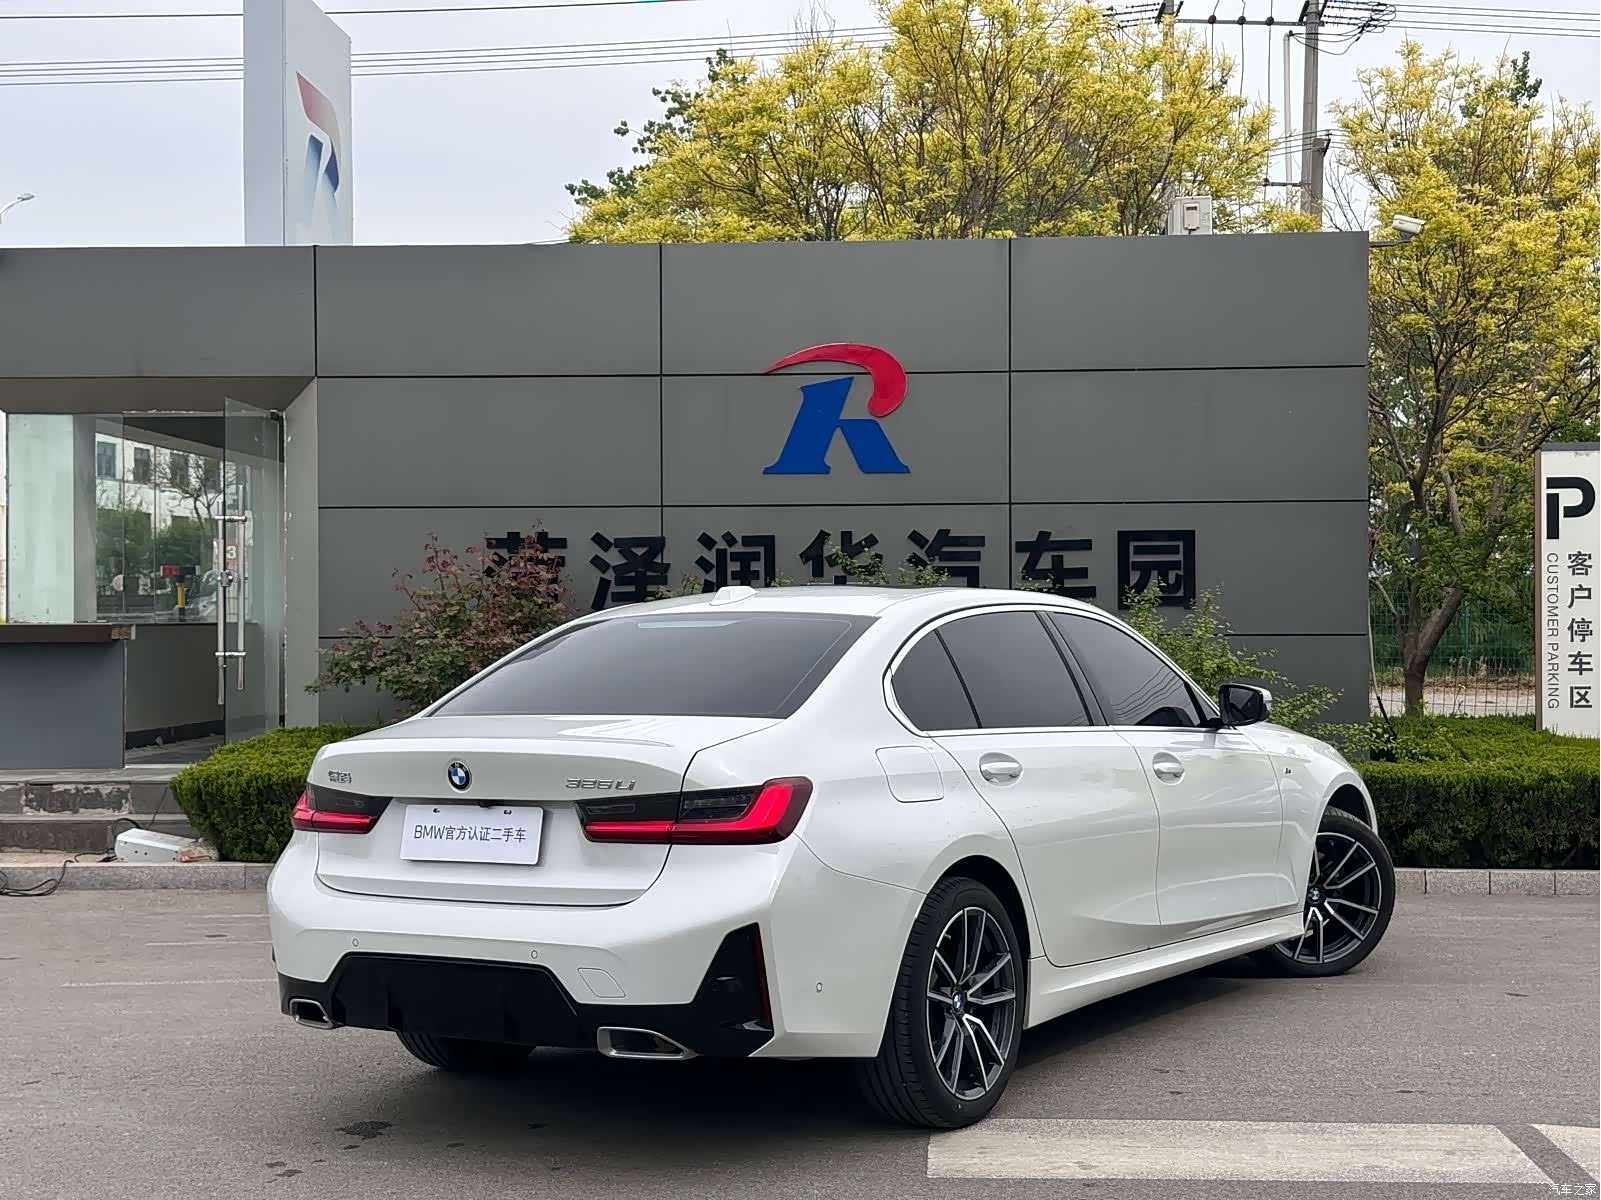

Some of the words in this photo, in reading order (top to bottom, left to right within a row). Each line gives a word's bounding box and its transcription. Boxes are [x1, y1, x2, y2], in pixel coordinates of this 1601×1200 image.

[1546, 476, 1596, 540] P
[1546, 552, 1560, 638] CUSTOMER
[1567, 550, 1594, 709] 客户停车区
[1547, 641, 1560, 710] PARKING
[414, 824, 526, 842] BMW官方认证二手车
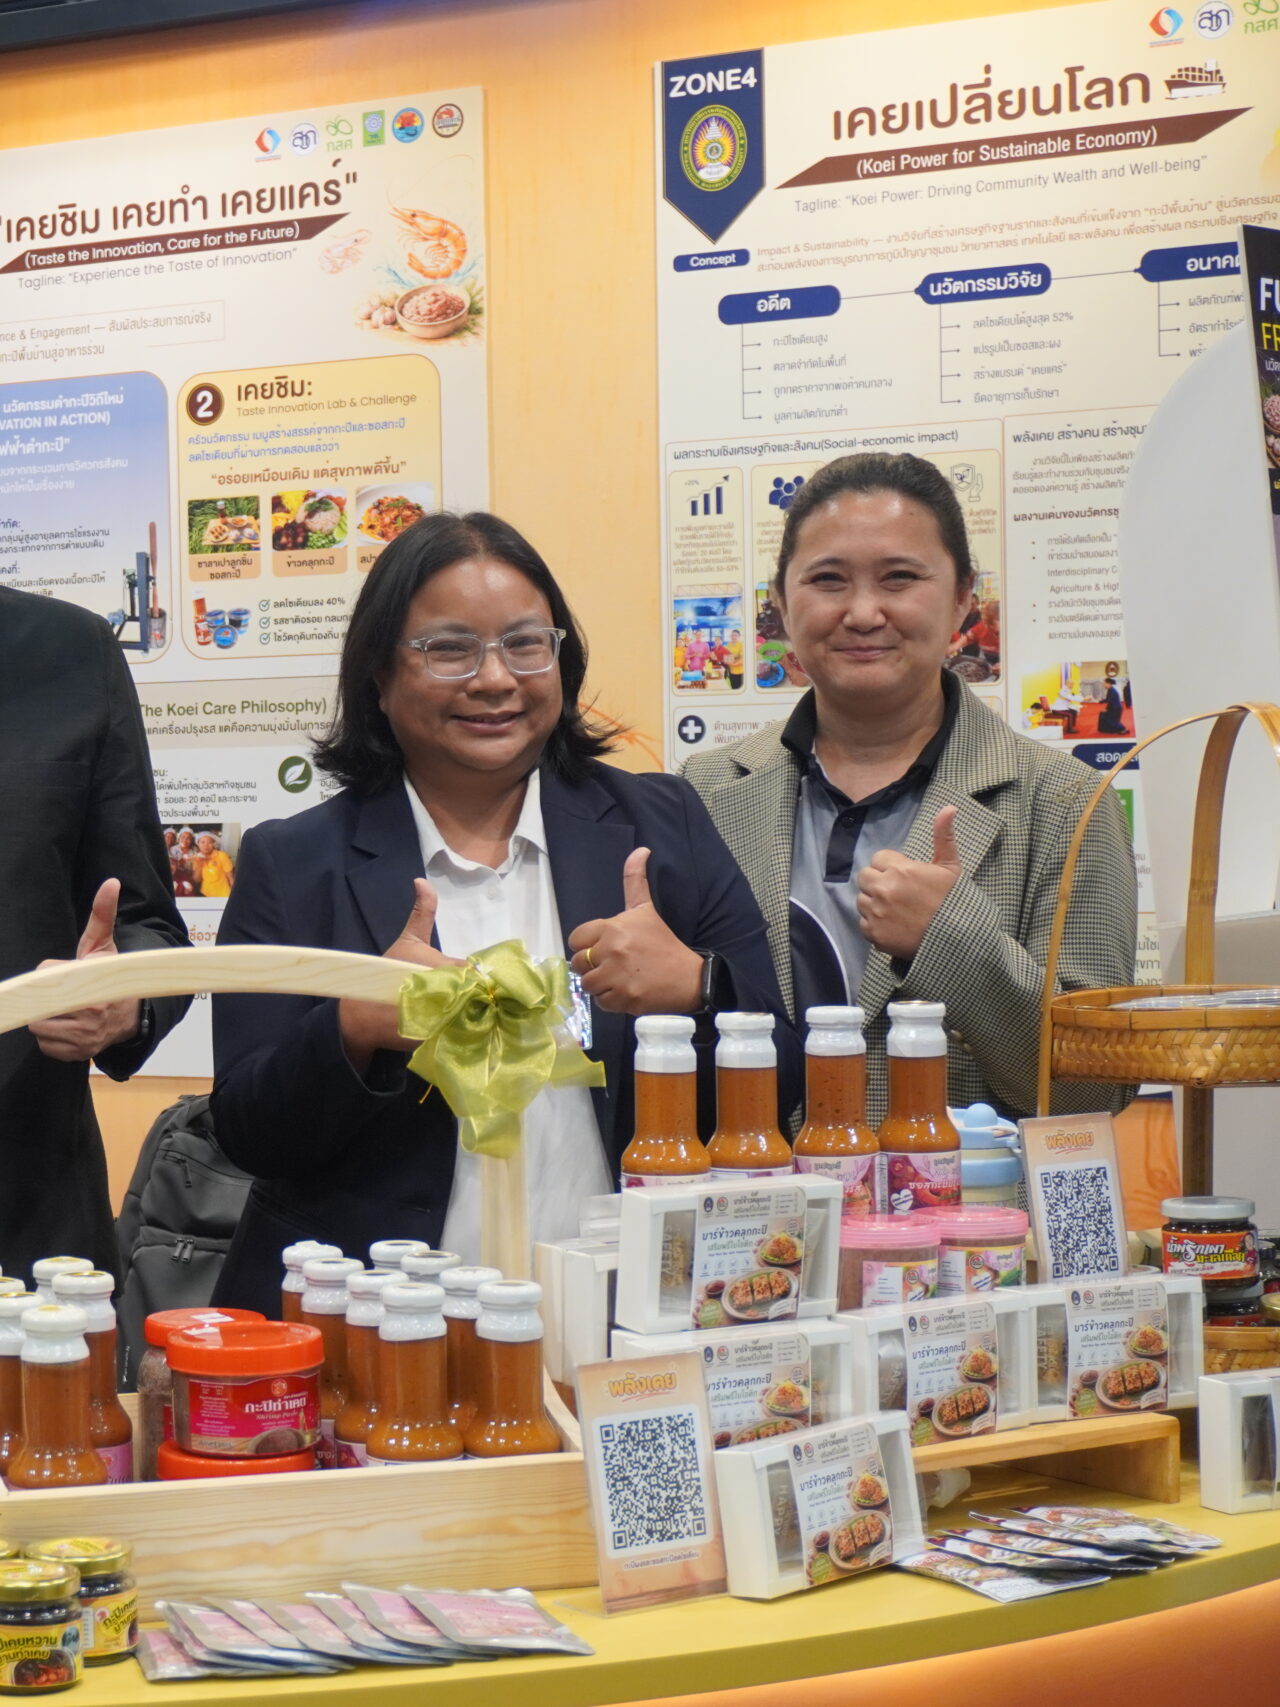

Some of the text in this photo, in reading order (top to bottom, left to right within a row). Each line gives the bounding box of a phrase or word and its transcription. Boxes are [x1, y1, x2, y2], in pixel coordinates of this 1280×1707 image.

[669, 67, 757, 97] ZONE4
[833, 63, 1151, 141] เคยเปลี่ยนโลก
[857, 125, 1158, 178] (Koei Power for Sustainable Economy)
[112, 184, 209, 231] เคยทำ
[221, 157, 358, 219] เคยแคร์"
[795, 198, 841, 213] Tagline:
[882, 189, 923, 204] Power:
[927, 181, 972, 198] Driving
[976, 172, 1049, 193] Community
[1054, 167, 1097, 184] Wealth
[1102, 165, 1125, 180] and
[25, 222, 299, 269] (Taste the Innovation, Care for the Future)
[757, 237, 870, 258] Impact & Sustainability
[690, 252, 736, 268] Concept
[18, 275, 65, 291] Tagline:
[68, 265, 147, 285] “Experience
[148, 264, 164, 274] the
[168, 258, 202, 273] Taste
[207, 255, 219, 268] of
[930, 271, 1042, 296] นวัตกรรมวิจัย
[757, 294, 791, 313] อดีต
[1053, 312, 1074, 322] 52%
[19, 329, 26, 340] &
[30, 323, 91, 340] Engagement
[237, 375, 313, 402] เคยชิม:
[196, 391, 214, 418] 2
[237, 392, 417, 417] Taste Innovation Lab & Challenge
[44, 411, 110, 426] IN ACTION)
[918, 430, 959, 444] impact)
[1013, 424, 1100, 443] พลังเคย สร้างคน
[286, 555, 335, 570] ข้าวคลุกกะปิ
[1048, 567, 1109, 576] Interdisciplinary
[209, 569, 241, 580] ซอสกะปิ
[1050, 584, 1100, 594] Agriculture &
[273, 597, 346, 609] ลดโซเดียมลง 40%
[274, 611, 323, 625] รสชาติอร่อย
[167, 697, 327, 716] Koei Care Philosophy)
[189, 795, 199, 804] 20
[1045, 1129, 1095, 1150] พลังเคย
[702, 1224, 768, 1241] บาร์ข้าวคลุกกะปิ
[1074, 1316, 1134, 1332] บาร์ข้าวคลุกกะปิ
[912, 1341, 966, 1361] บาร์ข้าวคลุกกะปิ
[608, 1370, 677, 1398] พลังเคย
[244, 1397, 306, 1413] กะปิท่าเคย
[799, 1466, 853, 1492] บาร์ข้าวคลุกกะปิ
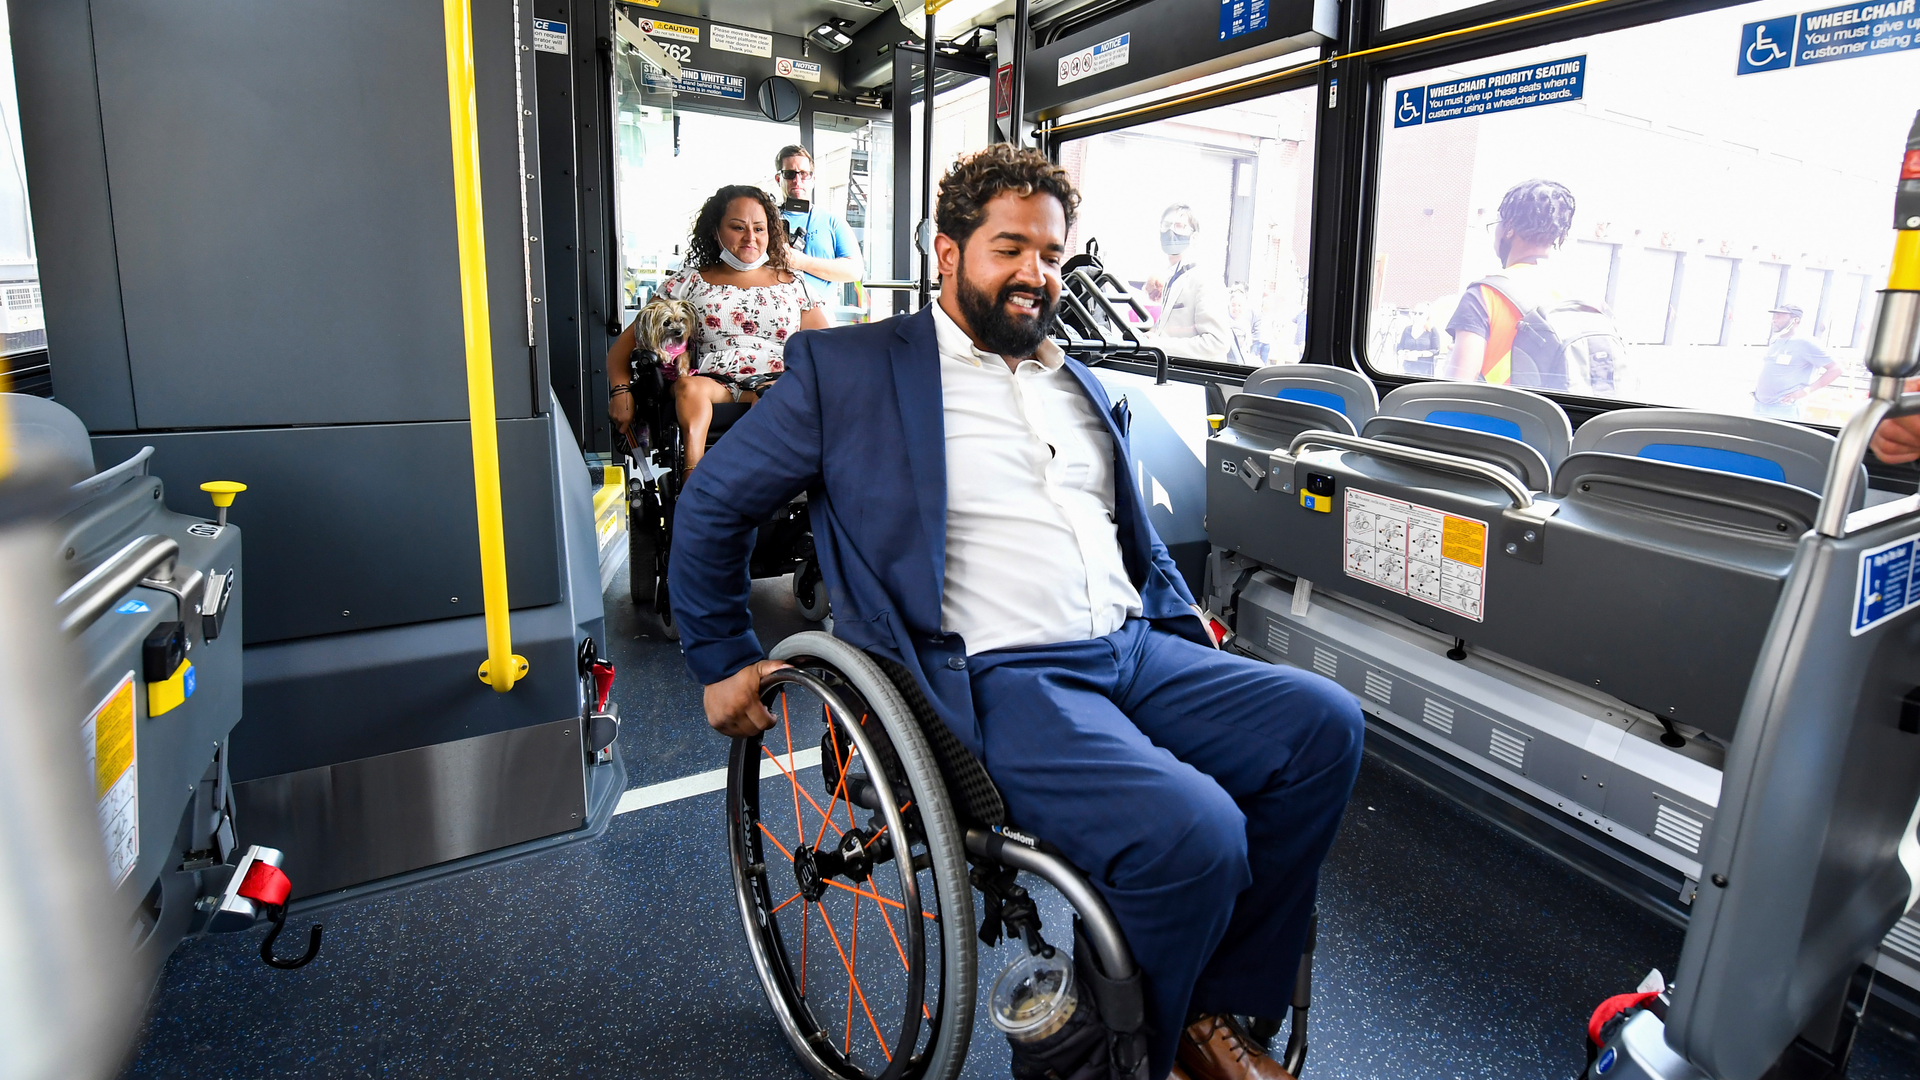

☆ ☆ ☆ ☆

Work task
The result should be an exact copy of every entry above, with no pictures included.

Reply to the task
Some of the words in this photo, in reading order (top to bottom, left to right within a row). Each line gives a word's bounding box and its transcription. Boxes are [x1, y1, x2, y2], in pixel coordinates of this 1601×1200 image.

[1546, 476, 1596, 540] P
[1546, 552, 1560, 638] CUSTOMER
[1567, 550, 1594, 709] 客户停车区
[1547, 641, 1560, 710] PARKING
[414, 824, 526, 842] BMW官方认证二手车

Some of the text in this photo, in reading order (top to bottom, left to right within a row). Each line gives the bounding box of a phrase or word and its transcription. Boxes are [x1, y1, x2, y2], in pixel coordinates of this 1280×1707 image.

[669, 67, 757, 97] ZONE4
[833, 63, 1151, 141] เคยเปลี่ยนโลก
[857, 125, 1158, 178] (Koei Power for Sustainable Economy)
[112, 184, 209, 231] เคยทำ
[221, 157, 358, 219] เคยแคร์"
[795, 198, 841, 213] Tagline:
[882, 189, 923, 204] Power:
[927, 181, 972, 198] Driving
[976, 172, 1049, 193] Community
[1054, 167, 1097, 184] Wealth
[1102, 165, 1125, 180] and
[25, 222, 299, 269] (Taste the Innovation, Care for the Future)
[757, 237, 870, 258] Impact & Sustainability
[690, 252, 736, 268] Concept
[18, 275, 65, 291] Tagline:
[68, 265, 147, 285] “Experience
[148, 264, 164, 274] the
[168, 258, 202, 273] Taste
[207, 255, 219, 268] of
[930, 271, 1042, 296] นวัตกรรมวิจัย
[757, 294, 791, 313] อดีต
[1053, 312, 1074, 322] 52%
[19, 329, 26, 340] &
[30, 323, 91, 340] Engagement
[237, 375, 313, 402] เคยชิม:
[196, 391, 214, 418] 2
[237, 392, 417, 417] Taste Innovation Lab & Challenge
[44, 411, 110, 426] IN ACTION)
[918, 430, 959, 444] impact)
[1013, 424, 1100, 443] พลังเคย สร้างคน
[286, 555, 335, 570] ข้าวคลุกกะปิ
[1048, 567, 1109, 576] Interdisciplinary
[209, 569, 241, 580] ซอสกะปิ
[1050, 584, 1100, 594] Agriculture &
[273, 597, 346, 609] ลดโซเดียมลง 40%
[274, 611, 323, 625] รสชาติอร่อย
[167, 697, 327, 716] Koei Care Philosophy)
[189, 795, 199, 804] 20
[1045, 1129, 1095, 1150] พลังเคย
[702, 1224, 768, 1241] บาร์ข้าวคลุกกะปิ
[1074, 1316, 1134, 1332] บาร์ข้าวคลุกกะปิ
[912, 1341, 966, 1361] บาร์ข้าวคลุกกะปิ
[608, 1370, 677, 1398] พลังเคย
[244, 1397, 306, 1413] กะปิท่าเคย
[799, 1466, 853, 1492] บาร์ข้าวคลุกกะปิ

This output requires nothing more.